* TASK PROMPT:
Return all of the entries below, word for word. Omit each picture.

* EXERCISE INPUTS:

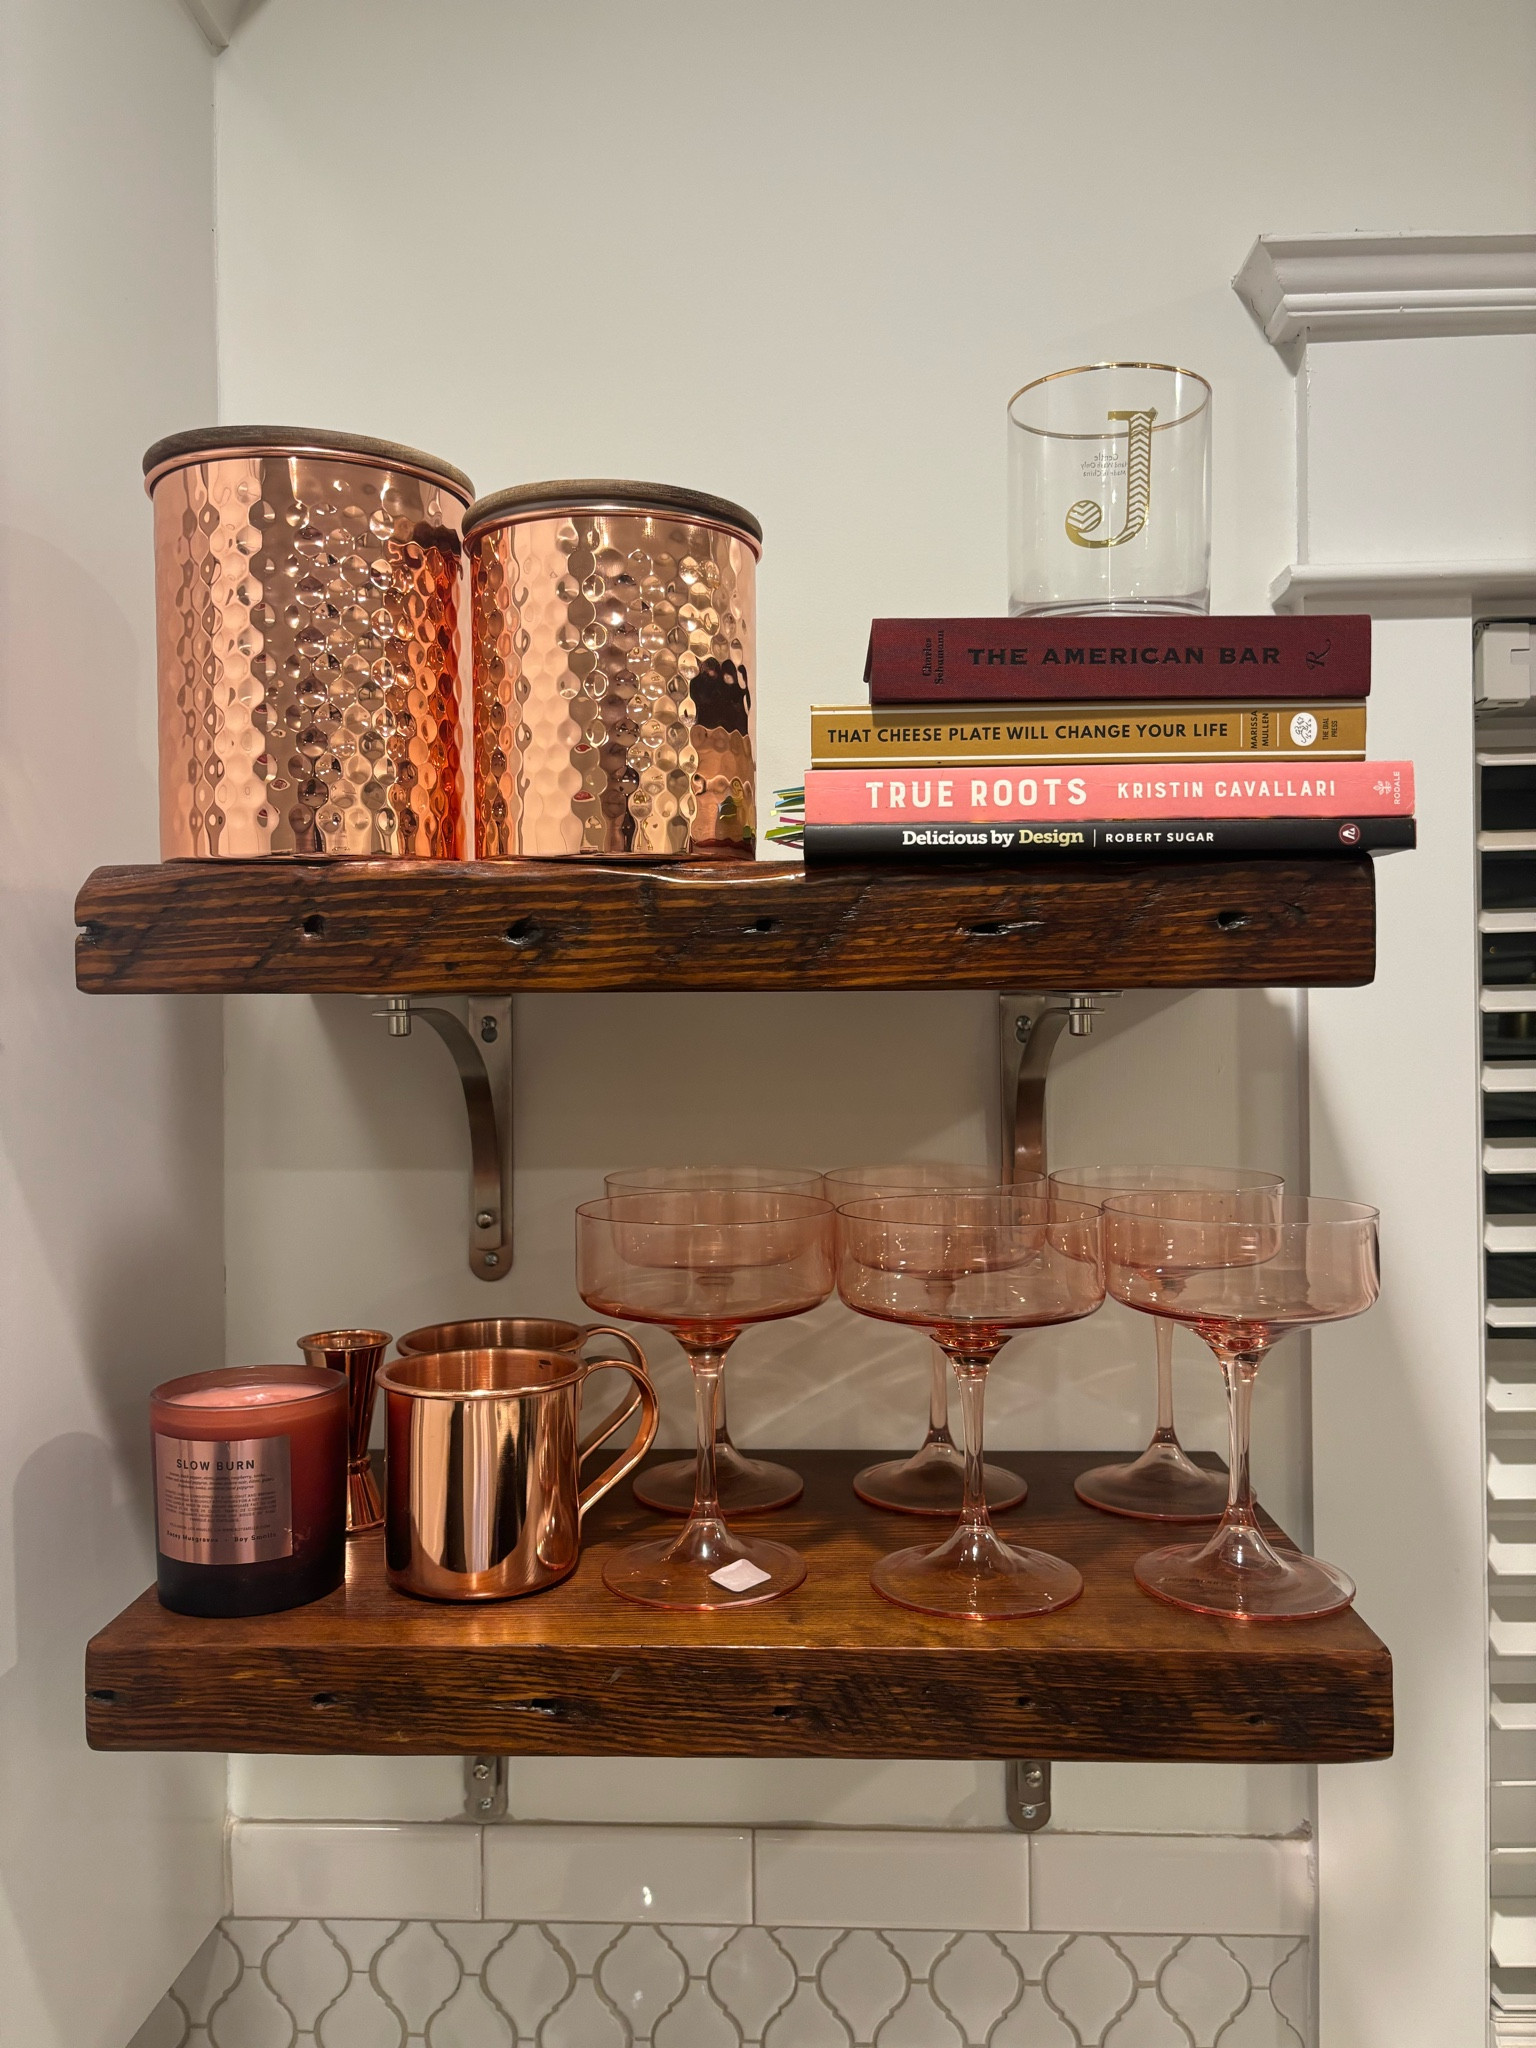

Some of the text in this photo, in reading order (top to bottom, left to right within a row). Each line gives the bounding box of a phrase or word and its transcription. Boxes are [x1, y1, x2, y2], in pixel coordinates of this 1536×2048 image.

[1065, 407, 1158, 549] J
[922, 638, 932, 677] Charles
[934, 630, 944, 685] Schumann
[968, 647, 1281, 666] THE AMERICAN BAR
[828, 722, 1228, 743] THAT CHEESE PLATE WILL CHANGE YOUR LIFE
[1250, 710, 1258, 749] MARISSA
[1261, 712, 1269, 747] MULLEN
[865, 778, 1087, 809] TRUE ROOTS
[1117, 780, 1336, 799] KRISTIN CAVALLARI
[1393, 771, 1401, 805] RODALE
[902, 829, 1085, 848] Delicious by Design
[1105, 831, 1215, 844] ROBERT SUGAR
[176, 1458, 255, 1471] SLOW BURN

* RESPONSE:
Some of the text in this photo, in reading order (top to bottom, left to right within a row). Each line gives the bounding box of a phrase or word and its transcription. Boxes are [x1, y1, x2, y2], in pixel coordinates of this 1536×2048 image.

[1065, 407, 1158, 549] J
[922, 638, 932, 677] Charles
[934, 630, 944, 685] Schumann
[968, 647, 1281, 666] THE AMERICAN BAR
[828, 722, 1228, 743] THAT CHEESE PLATE WILL CHANGE YOUR LIFE
[1250, 710, 1258, 749] MARISSA
[1261, 712, 1269, 747] MULLEN
[865, 778, 1087, 809] TRUE ROOTS
[1117, 780, 1336, 799] KRISTIN CAVALLARI
[1393, 771, 1401, 805] RODALE
[902, 829, 1085, 848] Delicious by Design
[1105, 831, 1215, 844] ROBERT SUGAR
[176, 1458, 255, 1471] SLOW BURN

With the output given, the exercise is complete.